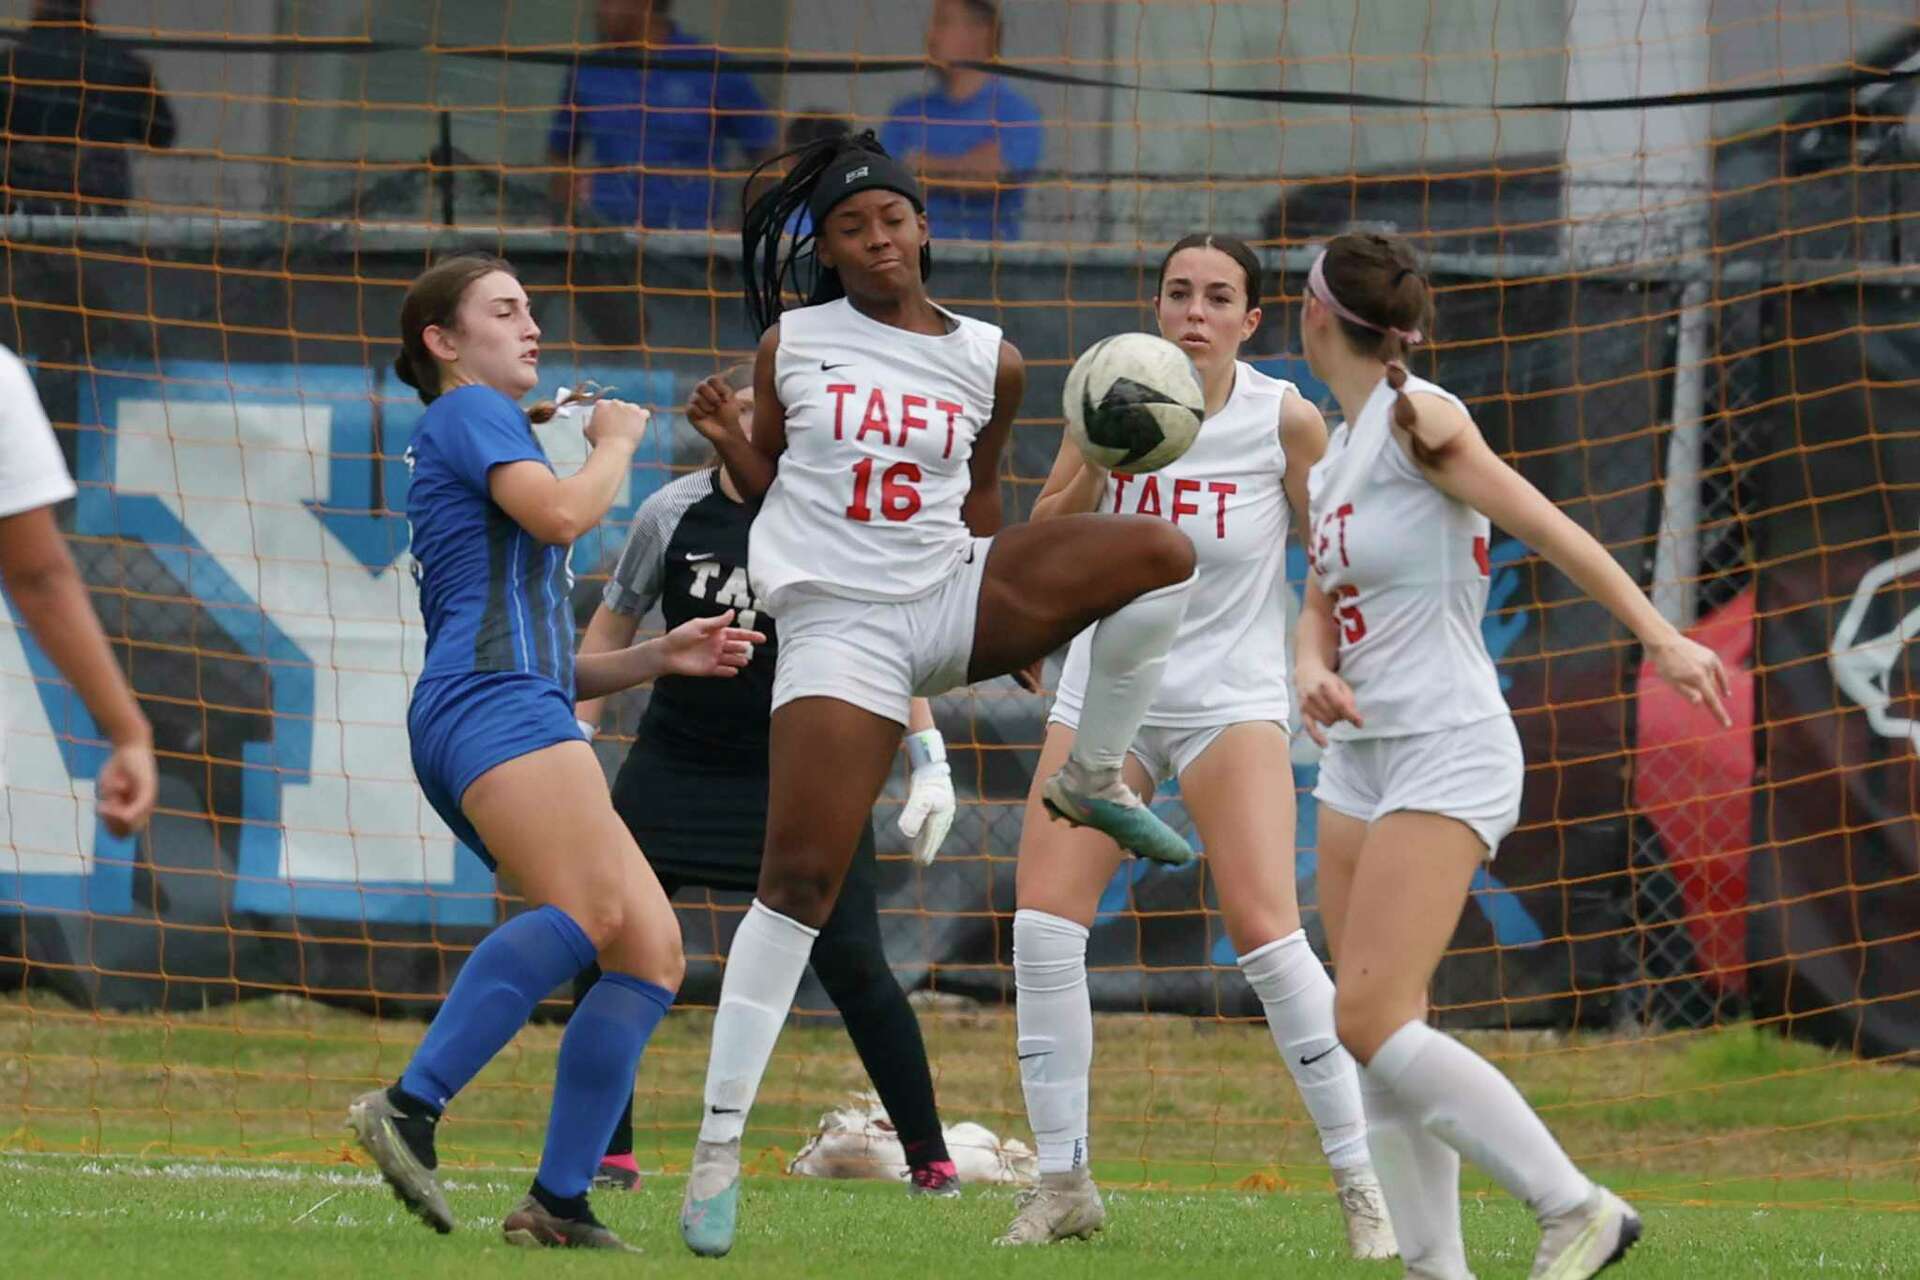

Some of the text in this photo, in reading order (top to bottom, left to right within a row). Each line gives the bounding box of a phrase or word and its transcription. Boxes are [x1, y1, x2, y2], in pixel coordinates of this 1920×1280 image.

[826, 384, 963, 459] TAFT
[845, 457, 922, 522] 16
[1109, 470, 1237, 539] TAFT
[688, 561, 768, 614] TA
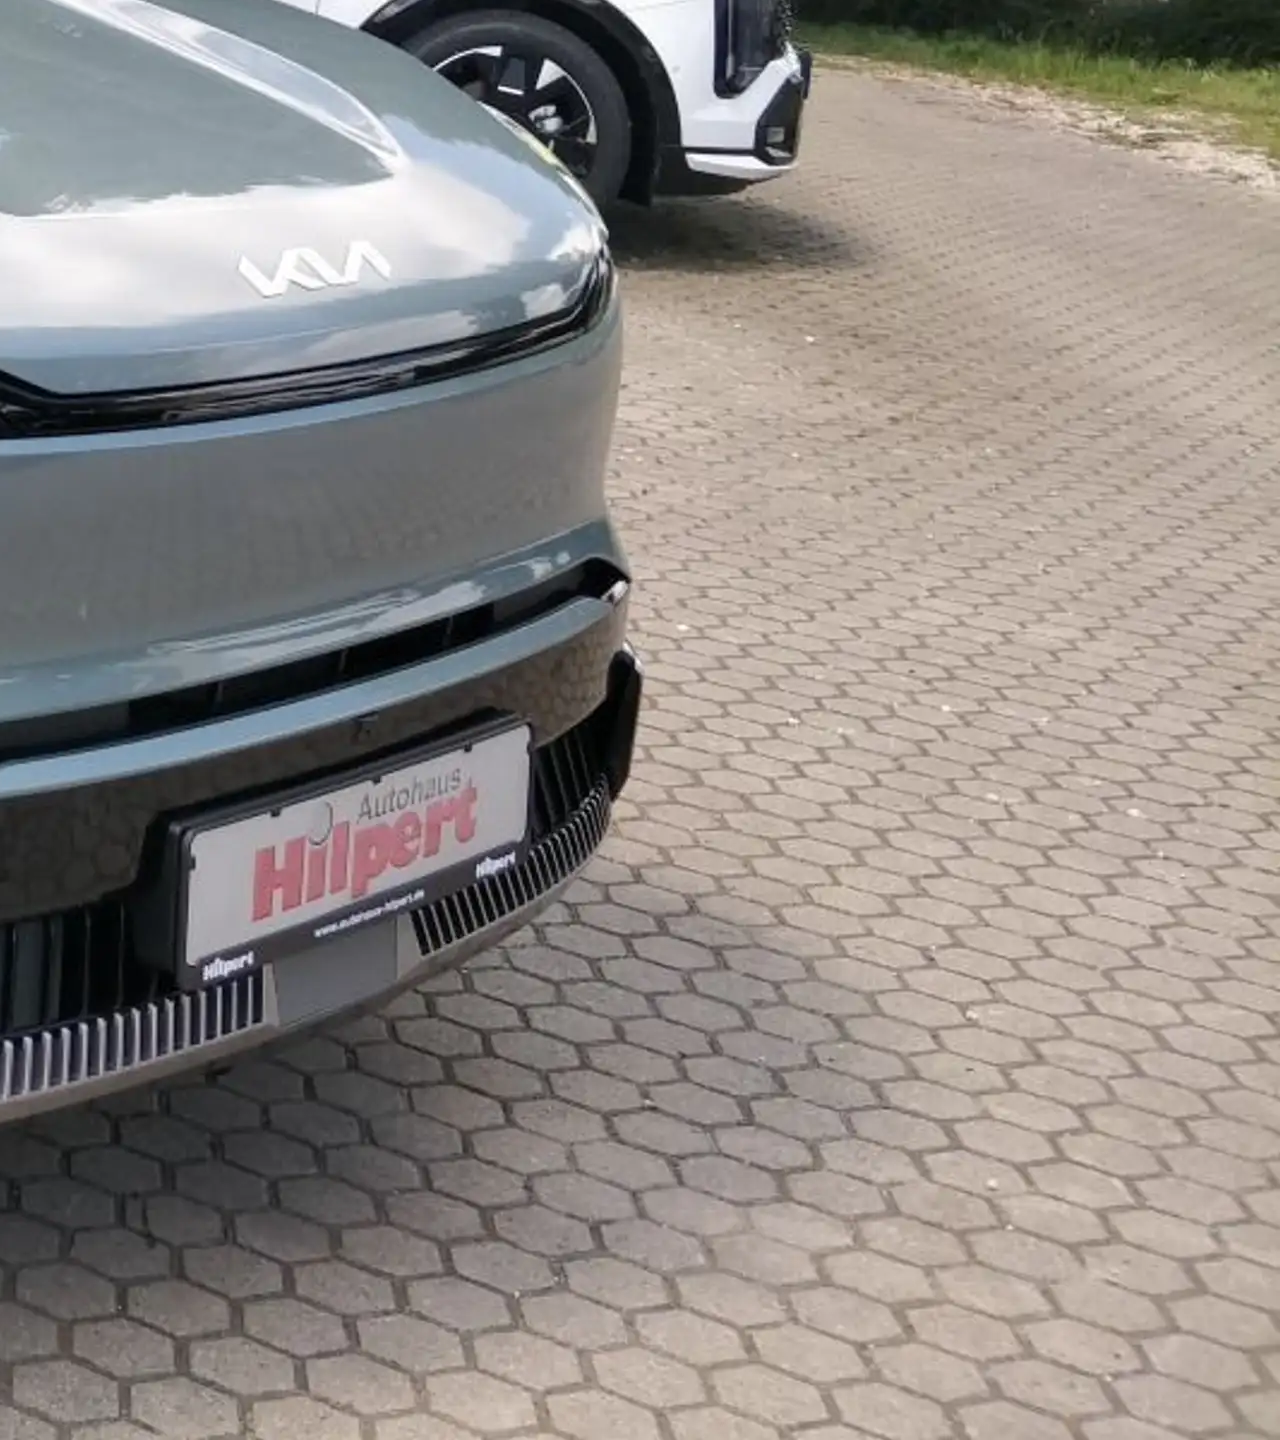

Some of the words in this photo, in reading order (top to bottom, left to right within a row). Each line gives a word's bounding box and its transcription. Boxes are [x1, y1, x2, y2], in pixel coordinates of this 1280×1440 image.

[236, 239, 392, 299] KIA
[355, 765, 463, 824] Autohaus
[251, 778, 479, 922] Hilpert
[202, 949, 255, 980] Hilpert
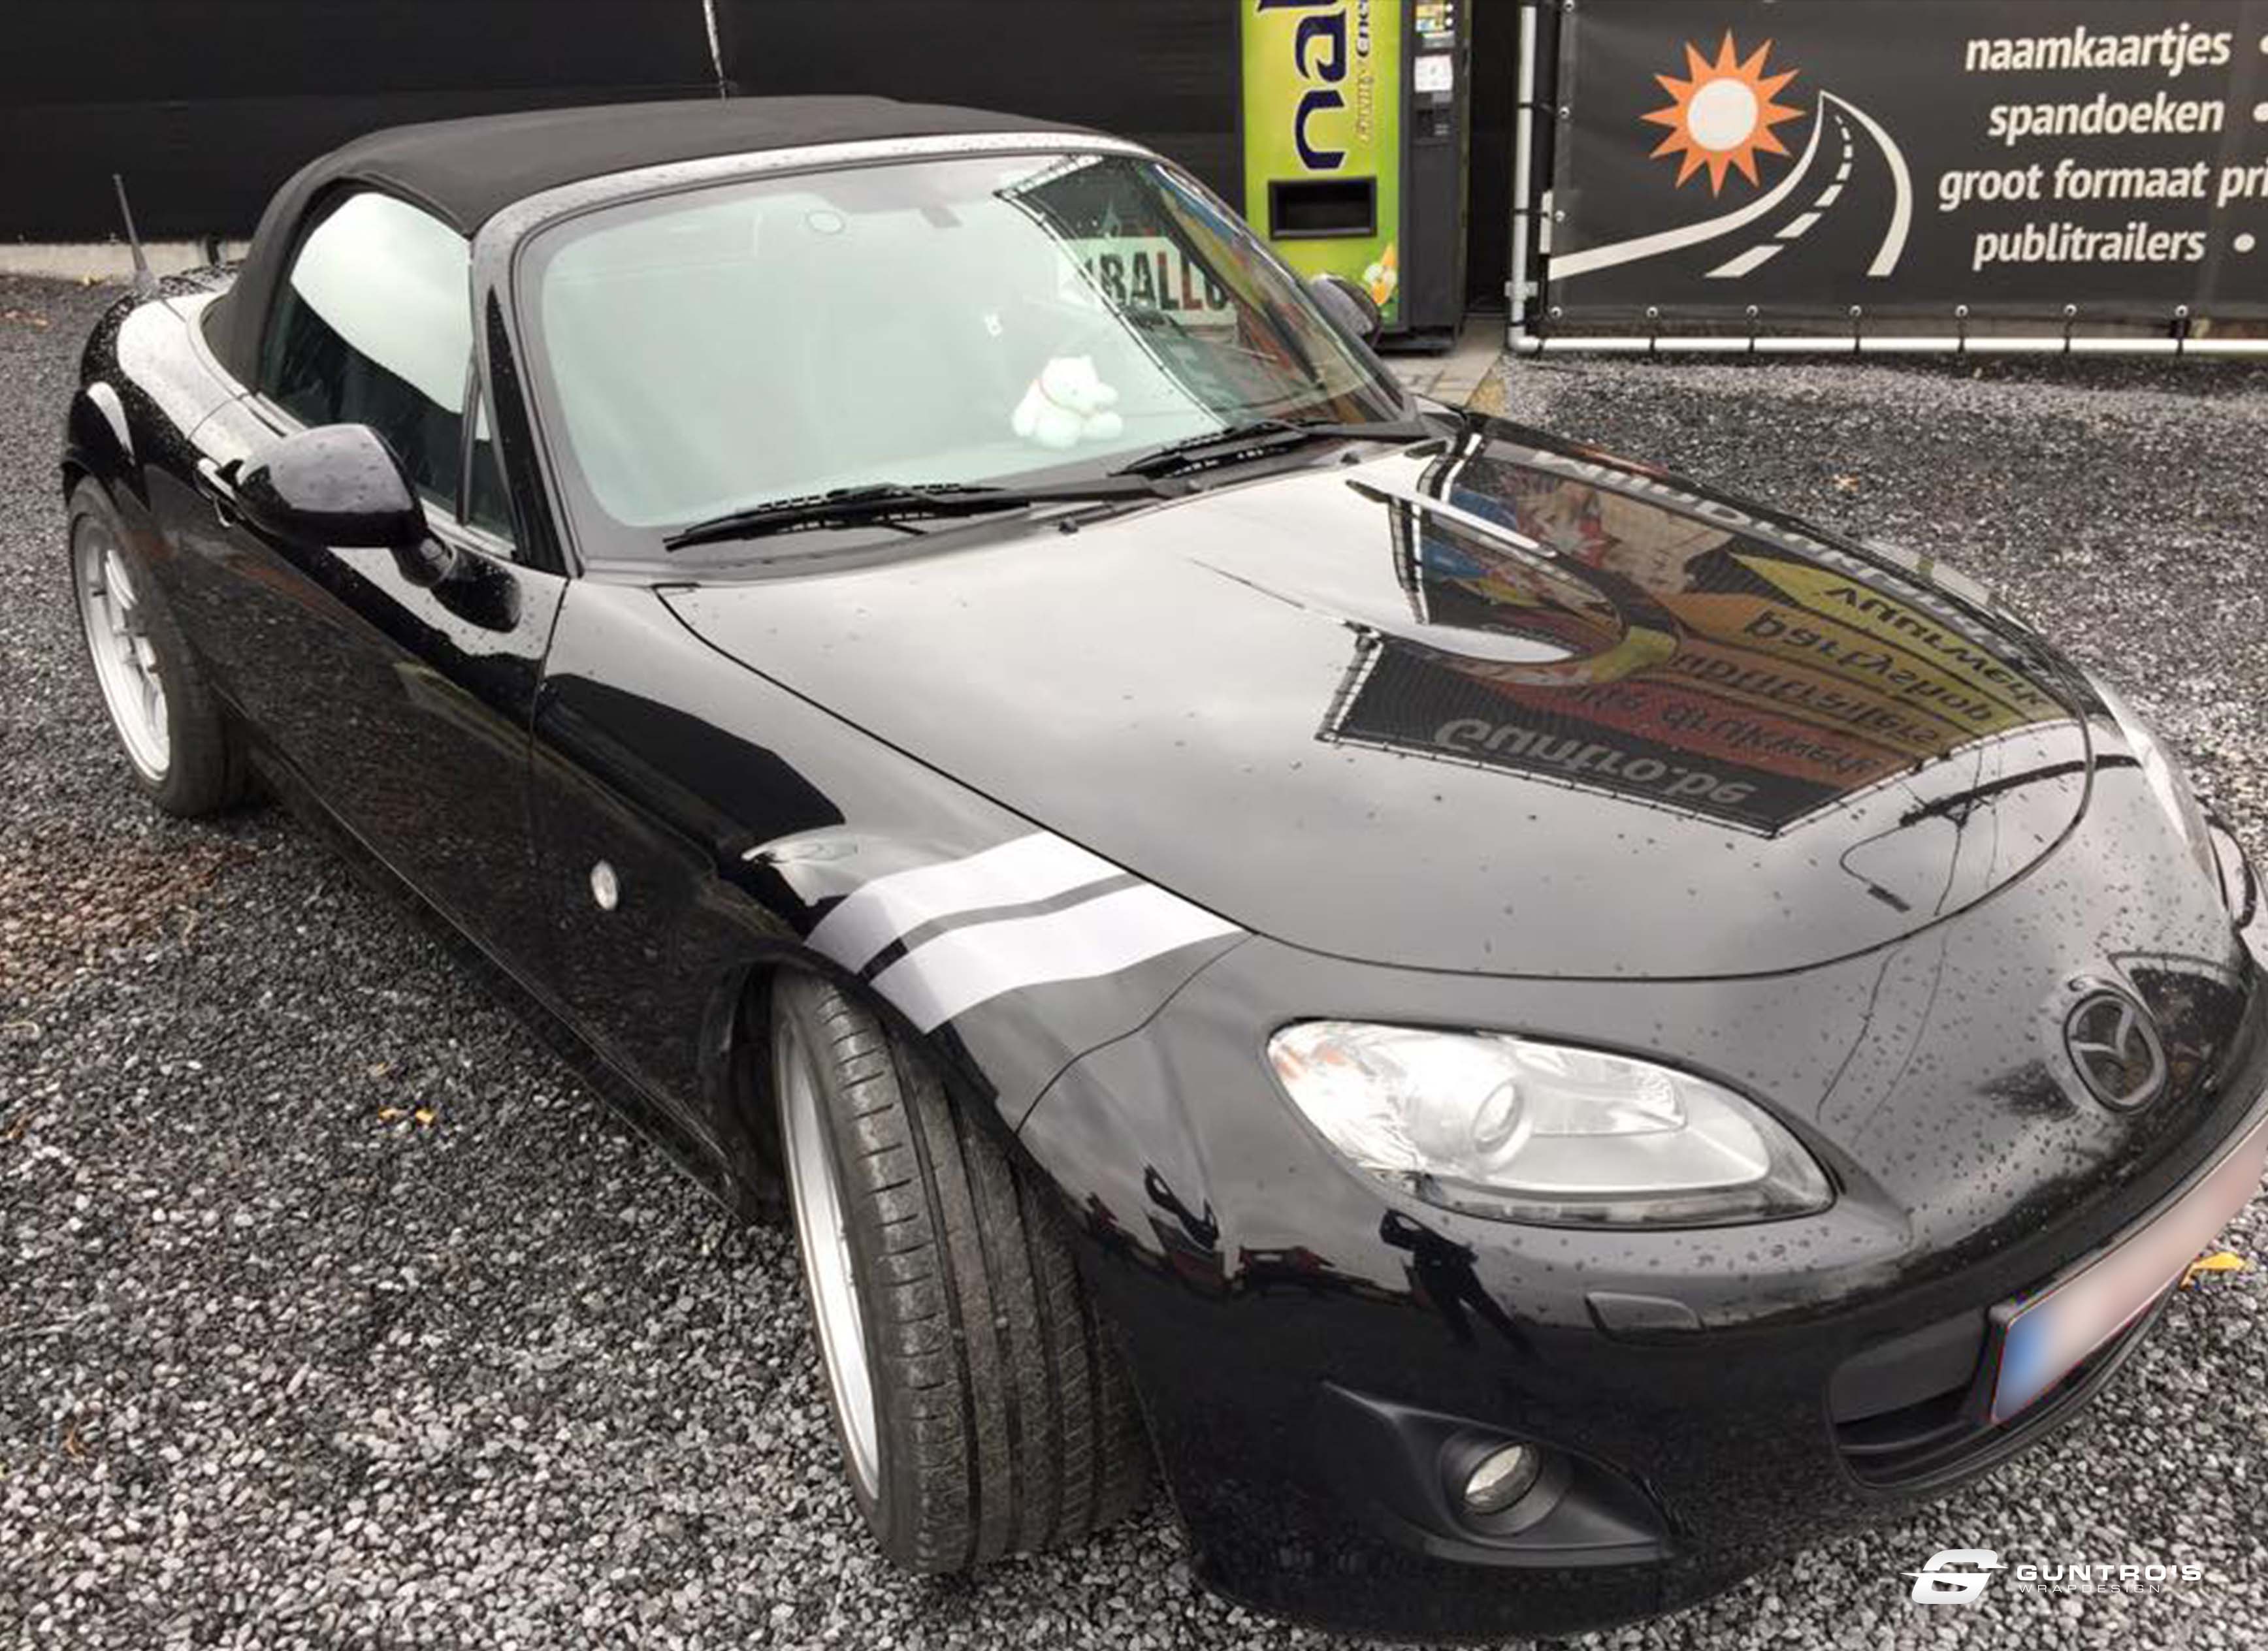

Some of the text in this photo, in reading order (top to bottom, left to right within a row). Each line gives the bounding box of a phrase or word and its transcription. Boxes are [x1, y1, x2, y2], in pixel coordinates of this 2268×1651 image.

[1965, 22, 2233, 77] naamkaartjes
[1988, 91, 2225, 146] spandoeken
[1938, 164, 2044, 212] groot
[2053, 159, 2210, 200] formaat
[1973, 221, 2207, 271] publitrailers
━━━━
Task statement :: Print each line of the listing exactly and include no pictures.

Finished task ::
Some of the text in this photo, in reading order (top to bottom, left to right within a row). Each line gives the bounding box of a phrase or word and its transcription. Boxes are [x1, y1, x2, y2], in pixel coordinates of this 1920×1280 image.

[826, 384, 963, 459] TAFT
[845, 457, 922, 522] 16
[1109, 470, 1237, 539] TAFT
[688, 561, 768, 614] TA

Some of the words in this photo, in reading order (top to bottom, left to right within a row). Each line gives a word's bounding box and its transcription. Boxes are [x1, y1, x2, y2], in pixel coordinates of this 1280×1440 image.

[236, 239, 392, 299] KIA
[355, 765, 463, 824] Autohaus
[251, 778, 479, 922] Hilpert
[202, 949, 255, 980] Hilpert

Some of the text in this photo, in reading order (top to bottom, left to right within a row). Each line gives the bounding box of a phrase or word and its transcription. Boxes are [x1, y1, x2, y2], in pixel coordinates of this 2268×1651 image.

[1965, 22, 2233, 77] naamkaartjes
[1988, 91, 2225, 146] spandoeken
[1938, 164, 2044, 212] groot
[2053, 159, 2210, 200] formaat
[1973, 221, 2207, 271] publitrailers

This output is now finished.